Tecniche di lettura veloce
Esistono alcune tecniche che si possono utilizzare per aumentare la velocità di lettura. Di seguito ve ne indichiamo quattro, adatte anche ai primi lettori; queste tecniche costituiscono le fondamenta per migliorare la velocità di lettura.
Utilizzare un puntatore visivo. Un dito o una penna possono aiutare a mantenere una scansione regolare e fluida del testo, evitando di perdersi o leggere lentamente. Questo è il suggerimento principale che viene impartito nei corsi di lettura veloce.
Eliminare la vocalizzazione subvocale. La vocalizzazione subvocale è il processo di pronunciare mentalmente ogni parola durante la lettura. Concentrarsi sulla comprensione del significato di una parola anziché pronunciarla mentalmente aumenta la velocità di lettura.

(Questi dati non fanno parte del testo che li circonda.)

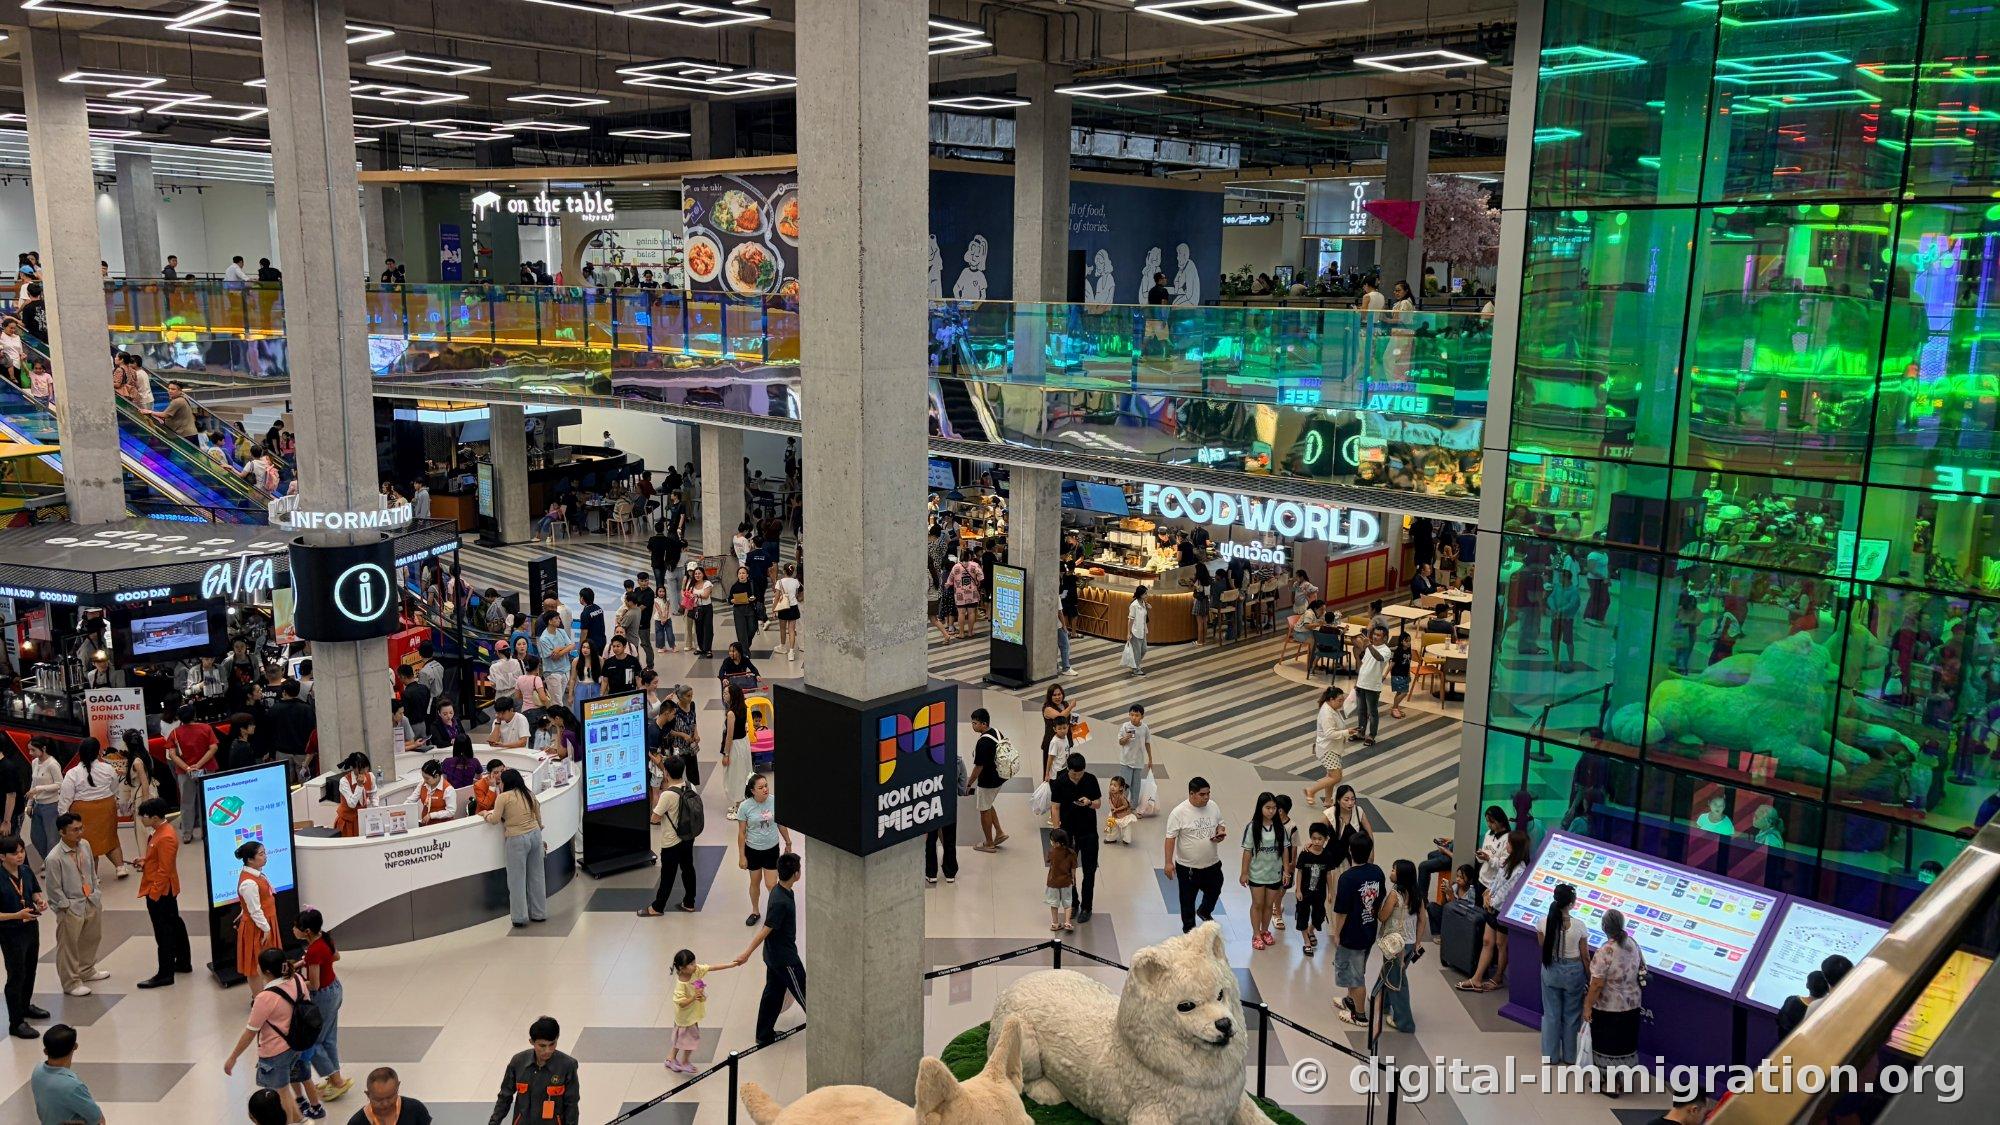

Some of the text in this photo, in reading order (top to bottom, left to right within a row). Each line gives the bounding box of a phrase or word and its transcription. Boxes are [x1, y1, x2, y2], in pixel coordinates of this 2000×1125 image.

Ridurre le regressioni. Una regressione si verifica quando il lettore torna indietro sul testo già letto. Un suggerimento utile è quello di minimizzare le regressioni e ad andare avanti senza guardare indietro troppo spesso.
Comprendere il contesto. È possibile comprendere il contesto generale di un testo attraverso elementi come titoli, sottotitoli, immagini, riassunti e parole chiave. Sfruttare questi elementi per costruire una mappa mentale dell’argomento rende la lettura effettiva molto più rapida.
Per finire, non dimenticatevi l’importanza di un allenamento graduale, spaziato e ripetuto nel tempo. Iniziate con brevi sessioni di lettura veloce e gradualmente aumenta la durata e la complessità dei testi. Scegliete testi di complessità crescente, ma soprattutto adatti all’età del bambino e allineati con i suoi interessi: leggere dev’essere un piacere e non una costrizione.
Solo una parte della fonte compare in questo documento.